AR7: How the Conservatives challenged Labour's "cheap wind" claim
In January, the government announced the results of AR7, the UK's largest ever offshore wind auction.
A record 8.4GW of offshore wind secured. "The price secured in this auction is 40% lower than the alternative cost of building and operating a new gas plant,” said the government.
The biggest issue voters care about in relation to net zero is the lowering of bills. It is a luxury that many do not have to solely care about the environmental benefits.
The view of the government was wind is cheap, bills will fall, mission accomplished.
The comparison the government makes is the AR7 strike price (£91/MWh in 2024 prices) versus new gas plant (£147/MWh). Wind is cheaper.
The comparison to gas is favourable.
The comparison to recent wind auctions is less so. Strike prices have nearly doubled since 2022 although this can be put down to wider inflation.
The Conservatives have seized on the AR7 results as evidence that Labour's clean energy push will raise, not lower, household bills.

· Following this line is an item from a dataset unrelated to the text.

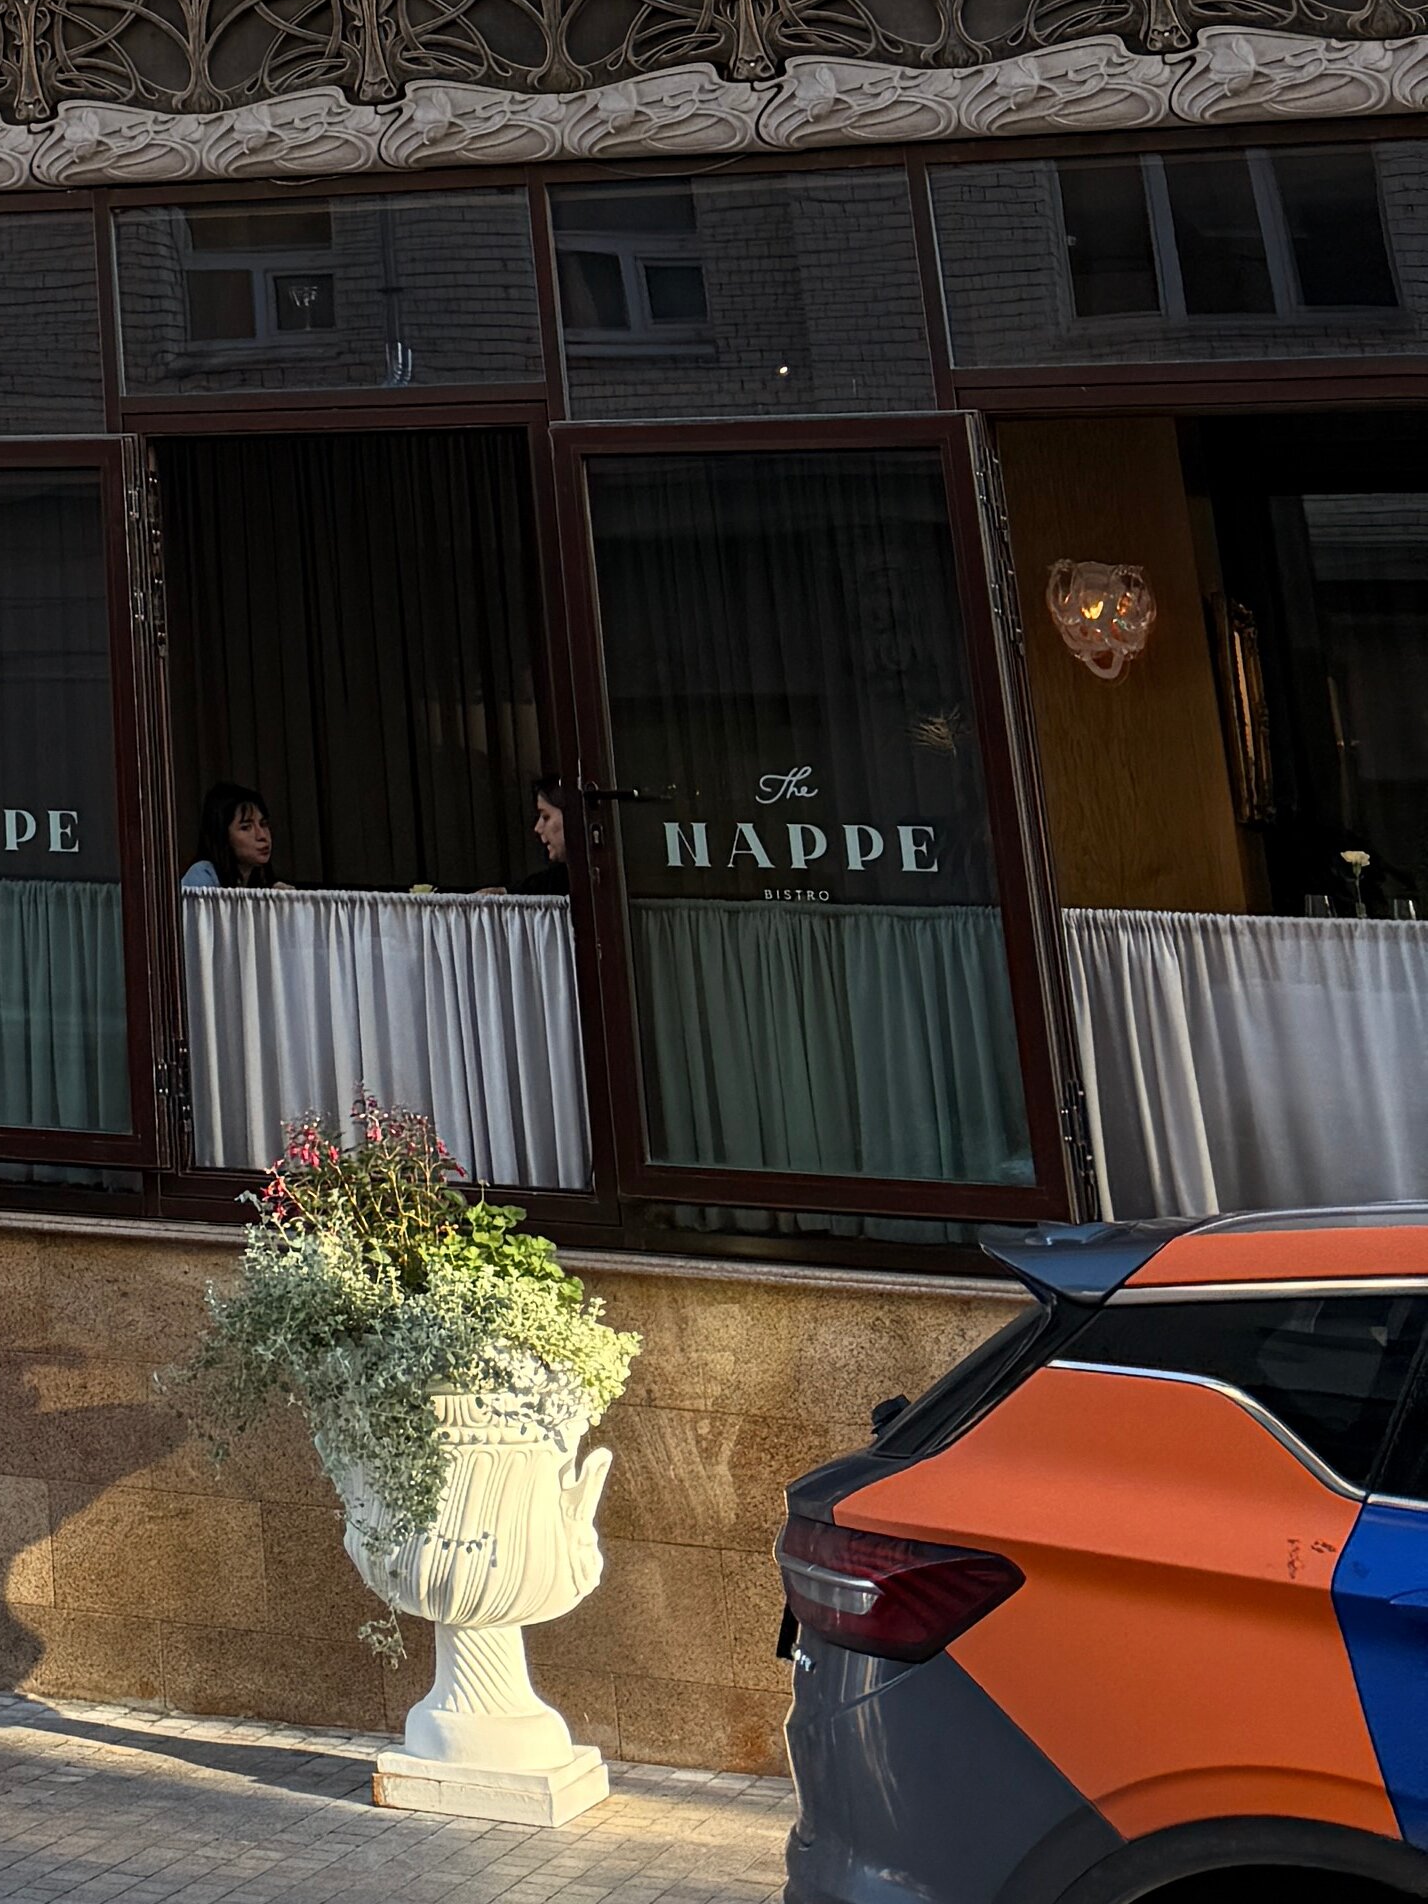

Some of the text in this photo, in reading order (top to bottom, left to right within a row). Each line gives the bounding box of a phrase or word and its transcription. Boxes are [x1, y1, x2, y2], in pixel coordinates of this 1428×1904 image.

The argument put forward by Claire Coutinho, the Shadow Energy Secretary, is that the government's comparison is misleading because it excludes the "extra costs of grid, backup, and wasted wind" from offshore wind while including the carbon tax in the gas figure. At £91/MWh, these are the highest offshore wind prices in a decade, and that's before system costs are added. If you remove the carbon tax from gas (a political choice) and add the system costs to wind, the "40% cheaper" claim disappears.
Coutinho's broader argument is about consent. "The public have been told that Clean Power 2030, and therefore AR7, is the route to lower bills. Not 'higher but stable' bills. Lower bills. There is no public consent to lock people into higher prices for decades."
She argues that if the industry wants to make the case that paying a premium protects consumers from price spikes, they should make that argument honestly. "Pretending that securing record amounts of capacity at the highest price in over a decade, before the extra costs of grid, balancing, and backup, is going to cut the cost of the energy system and cut people's bills is not being honest with the public."
On the government's comparison, she is blunt: "Ministers may point to the Levelized Cost of Energy (LCOE) of a gas power plant and say that wind is '40% cheaper', but if they want to compare the LCOE of a dispatchable power source to CfD strike prices, then they should add in all the extra costs that offshore wind adds to the system but does not pay for, and remove the carbon tax which is a policy choice which does nothing but artificially increase prices for consumers."
Coutinho argues that backup generation is still required. "Regardless of how many wind farms we build, we have to build new dispatchable generation to ensure security of supply when wind and solar generation drops to zero. What this government is doing is building those dispatchable plants anyway, and then forcing them to run at extremely low load factors because of a self imposed political target."
Her conclusion: "Everything I have seen from this government is that they care more about the Clean Power 2030 target than protecting consumers."
Reform UK has gone further than criticising the auction results, the party actively tried to sabotage AR7 before it happened. In July 2025, deputy leader Richard Tice wrote to the CEOs of every major offshore wind developer warning them not to bid. "Net Stupid Zero is ruining our countryside and economy," Tice wrote on X. "Reform intend to stop it." The letter, which Tice called a "Renewable Notice," warned that "the renewables agenda no longer enjoys cross party support" and threatened that Reform would "seek to strike down all contracts signed under AR7" if the party wins the next election or holds the balance of power. "If you enter bids in AR7, you do so at your own risk," he wrote.
With Reform UK now leading in the polls, and openly hostile to the entire renewables agenda, the number one mission for DESNZ must be to reduce bills meaningfully before the next election.